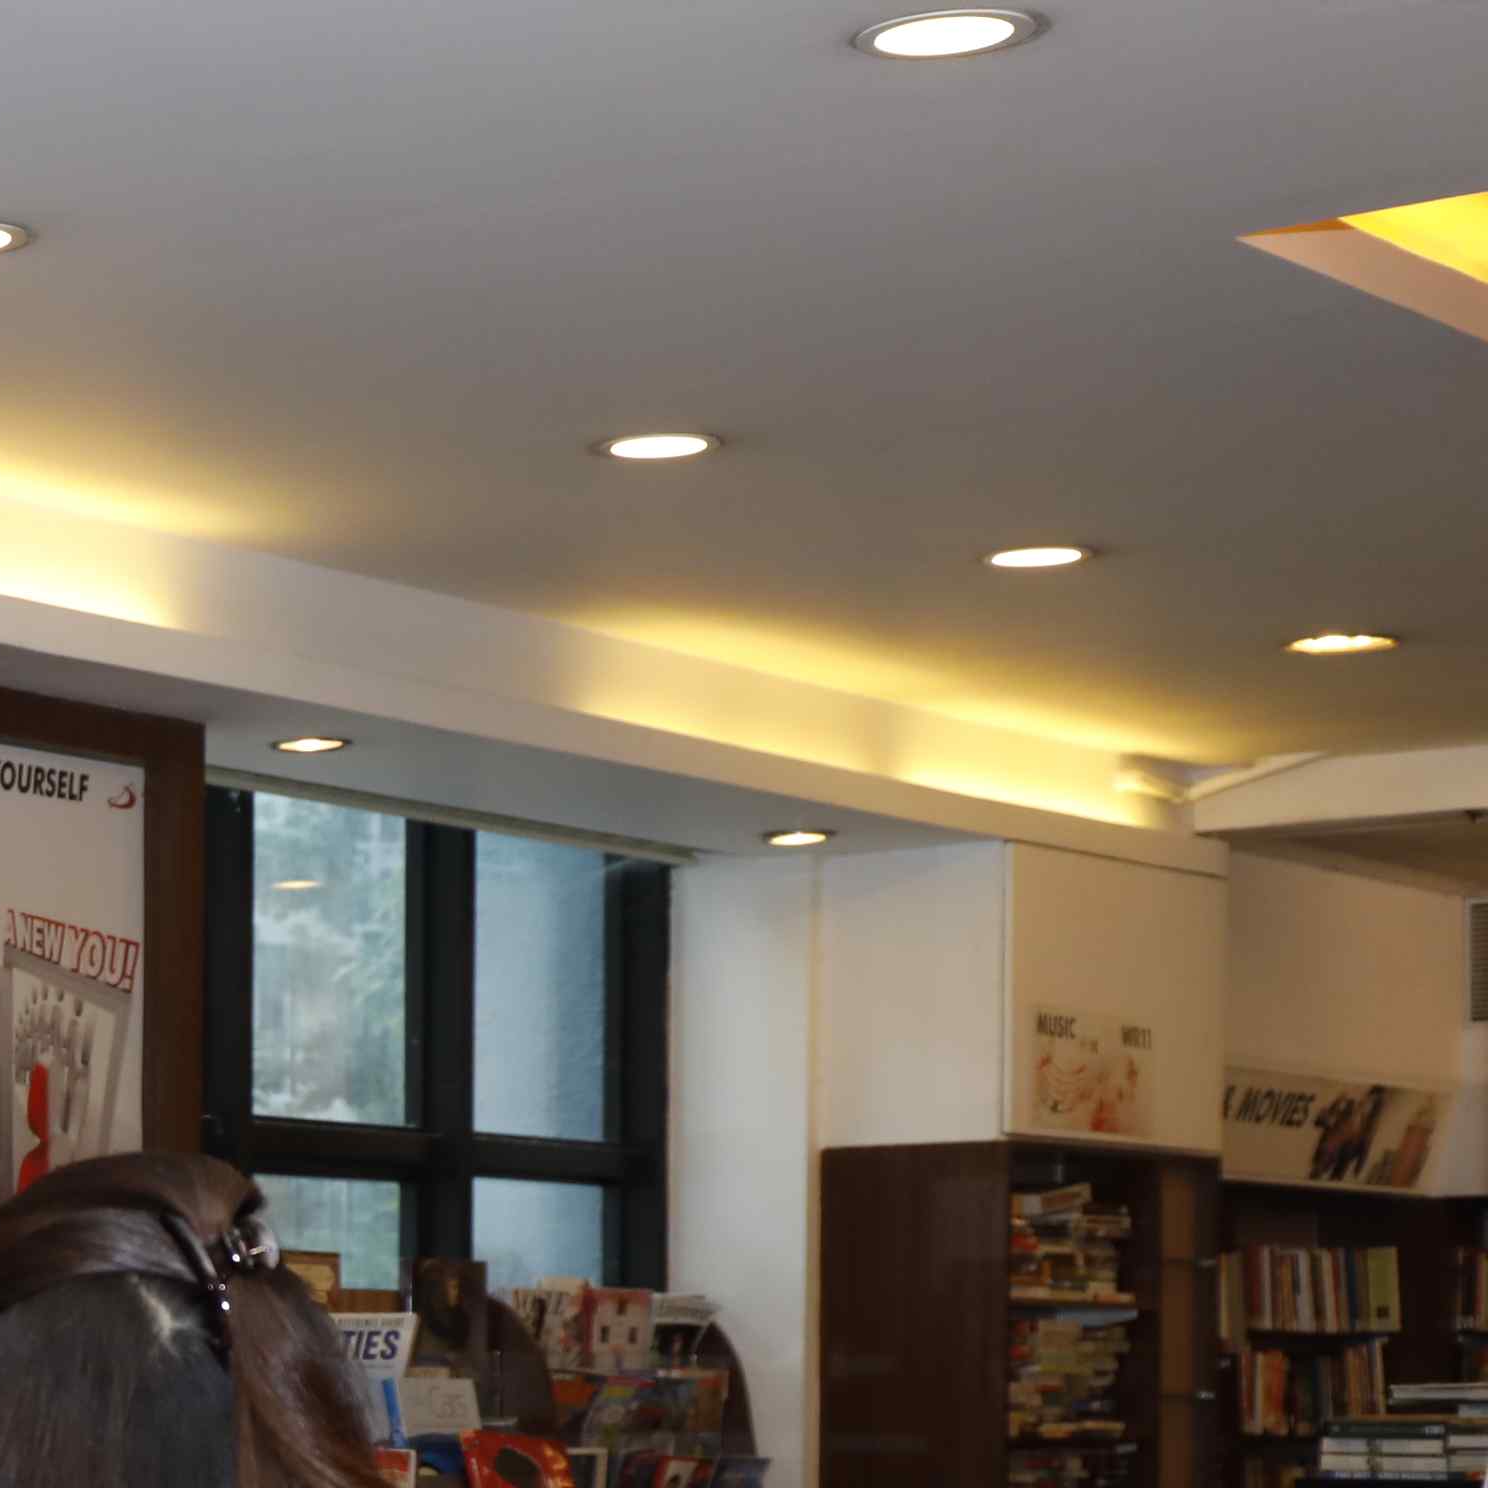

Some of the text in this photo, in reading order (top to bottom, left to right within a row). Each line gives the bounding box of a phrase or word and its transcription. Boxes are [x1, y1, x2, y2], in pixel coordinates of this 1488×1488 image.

[20, 911, 66, 966] NEW
[67, 923, 141, 993] YOU!
[1036, 1012, 1077, 1040] MUSIC
[1235, 1085, 1317, 1128] MOVIES
[342, 1329, 401, 1361] TIES
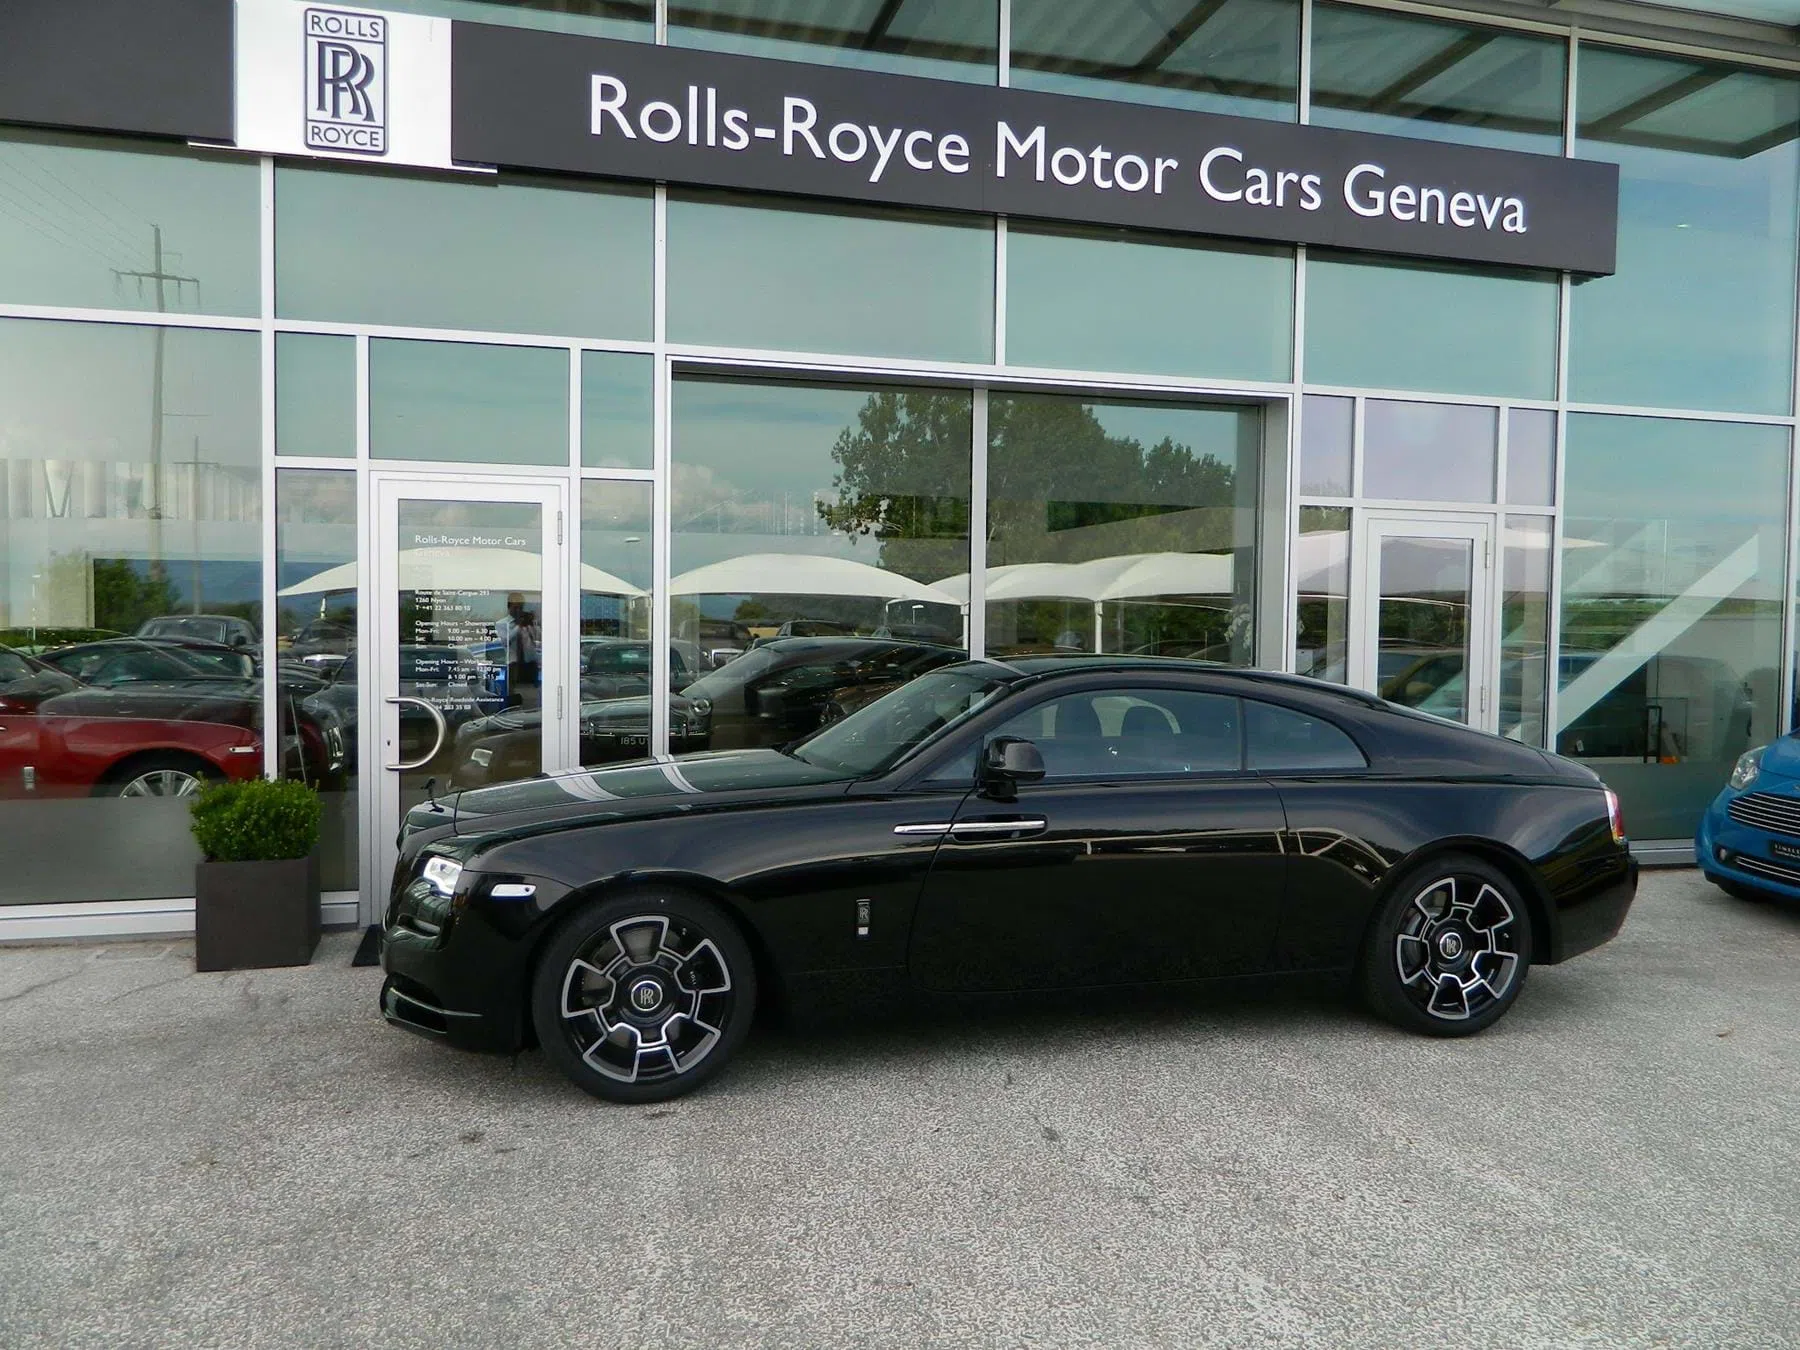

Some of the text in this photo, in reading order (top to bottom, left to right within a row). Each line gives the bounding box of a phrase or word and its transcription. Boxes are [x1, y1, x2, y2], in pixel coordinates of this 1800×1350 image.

[311, 15, 379, 38] ROLLS
[311, 126, 379, 147] ROYCE
[590, 74, 1527, 234] Rolls-Royce Motor Cars Geneva
[415, 534, 526, 546] Rolls-Royce Motor Cars
[620, 736, 636, 745] 185
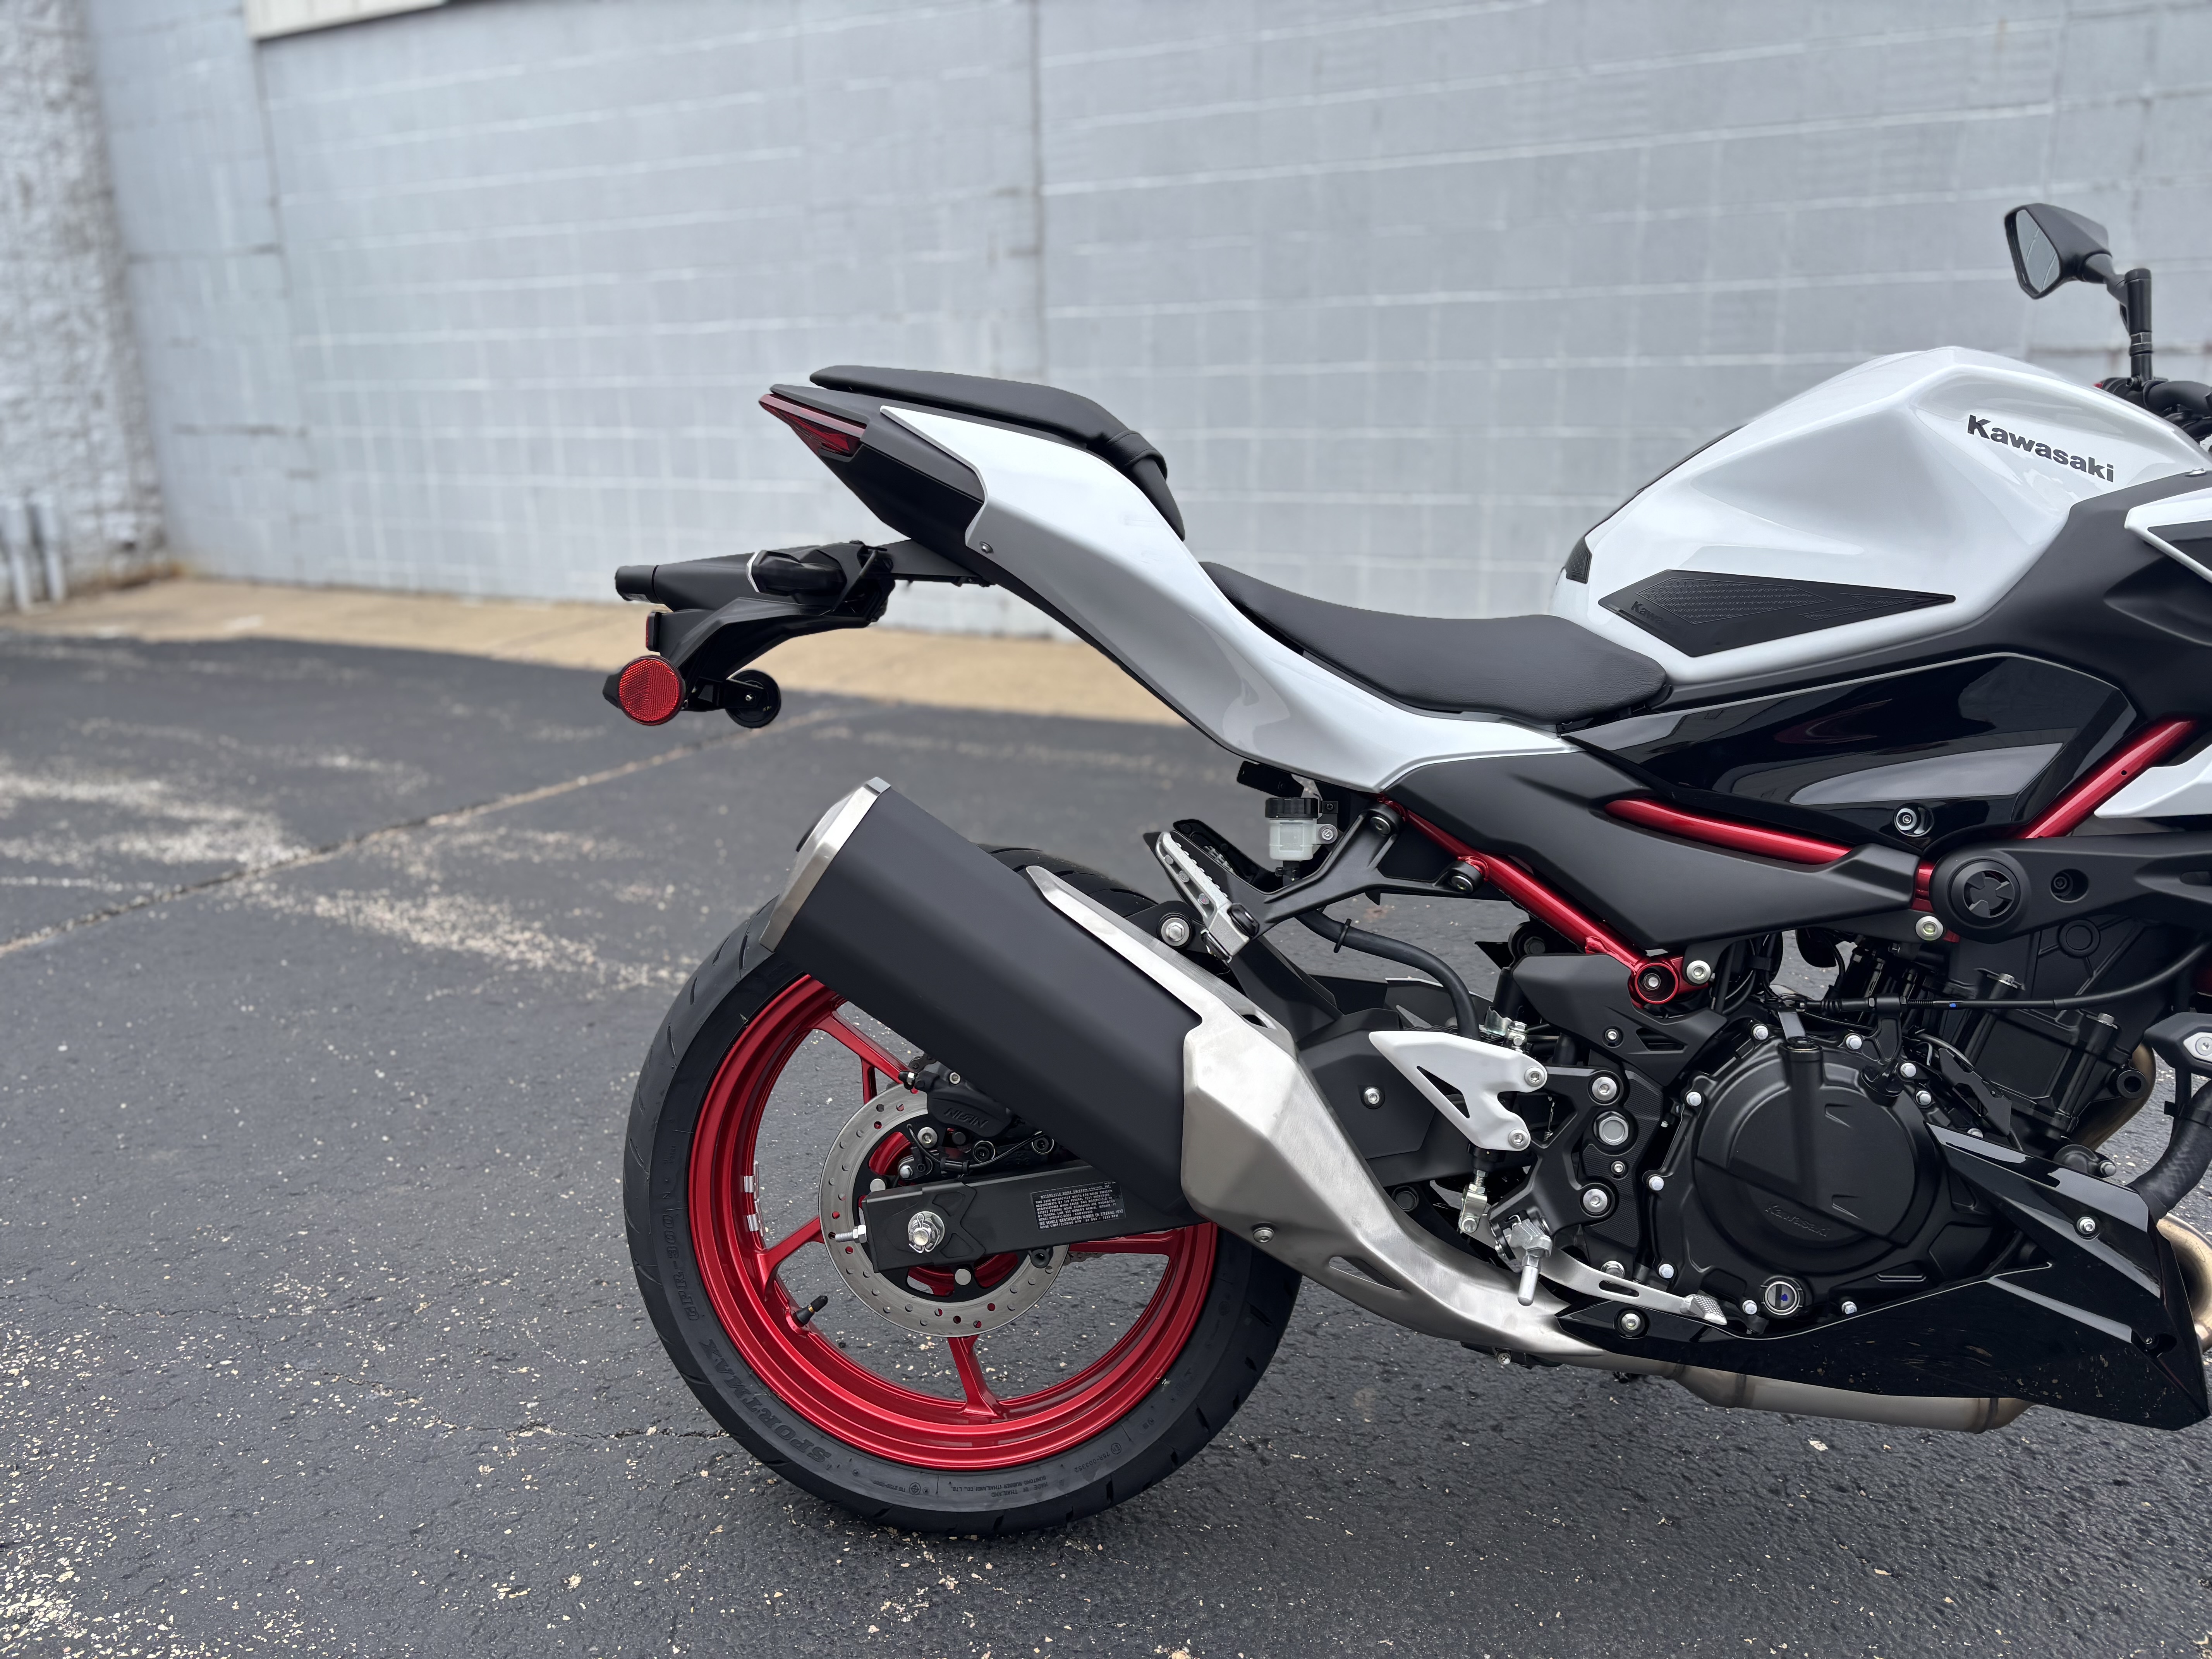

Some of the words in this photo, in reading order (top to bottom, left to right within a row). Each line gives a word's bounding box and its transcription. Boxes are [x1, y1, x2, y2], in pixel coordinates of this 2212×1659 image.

[1967, 414, 2114, 482] Kawasaki
[662, 1214, 699, 1321] GPR-300
[699, 1339, 832, 1463] SPORTMAX

+ + +

* **EXERCISE DESCRIPTION**
For this exercise, transcribe the entries above exactly, without any pictures.

* **ANSWER FOR THIS EXERCISE**
Some of the text in this photo, in reading order (top to bottom, left to right within a row). Each line gives the bounding box of a phrase or word and its transcription. Boxes are [x1, y1, x2, y2], in pixel coordinates of this 1488×1488 image.

[20, 911, 66, 966] NEW
[67, 923, 141, 993] YOU!
[1036, 1012, 1077, 1040] MUSIC
[1235, 1085, 1317, 1128] MOVIES
[342, 1329, 401, 1361] TIES

Some of the text in this photo, in reading order (top to bottom, left to right within a row). Each line gives the bounding box of a phrase or word and its transcription. Boxes are [x1, y1, x2, y2], in pixel coordinates of this 1800×1350 image.

[311, 15, 379, 38] ROLLS
[311, 126, 379, 147] ROYCE
[590, 74, 1527, 234] Rolls-Royce Motor Cars Geneva
[415, 534, 526, 546] Rolls-Royce Motor Cars
[620, 736, 636, 745] 185

Some of the words in this photo, in reading order (top to bottom, left to right within a row). Each line gives a word's bounding box and its transcription. Boxes are [x1, y1, x2, y2], in pixel coordinates of this 2212×1659 image.

[1967, 414, 2114, 482] Kawasaki
[662, 1214, 699, 1321] GPR-300
[699, 1339, 832, 1463] SPORTMAX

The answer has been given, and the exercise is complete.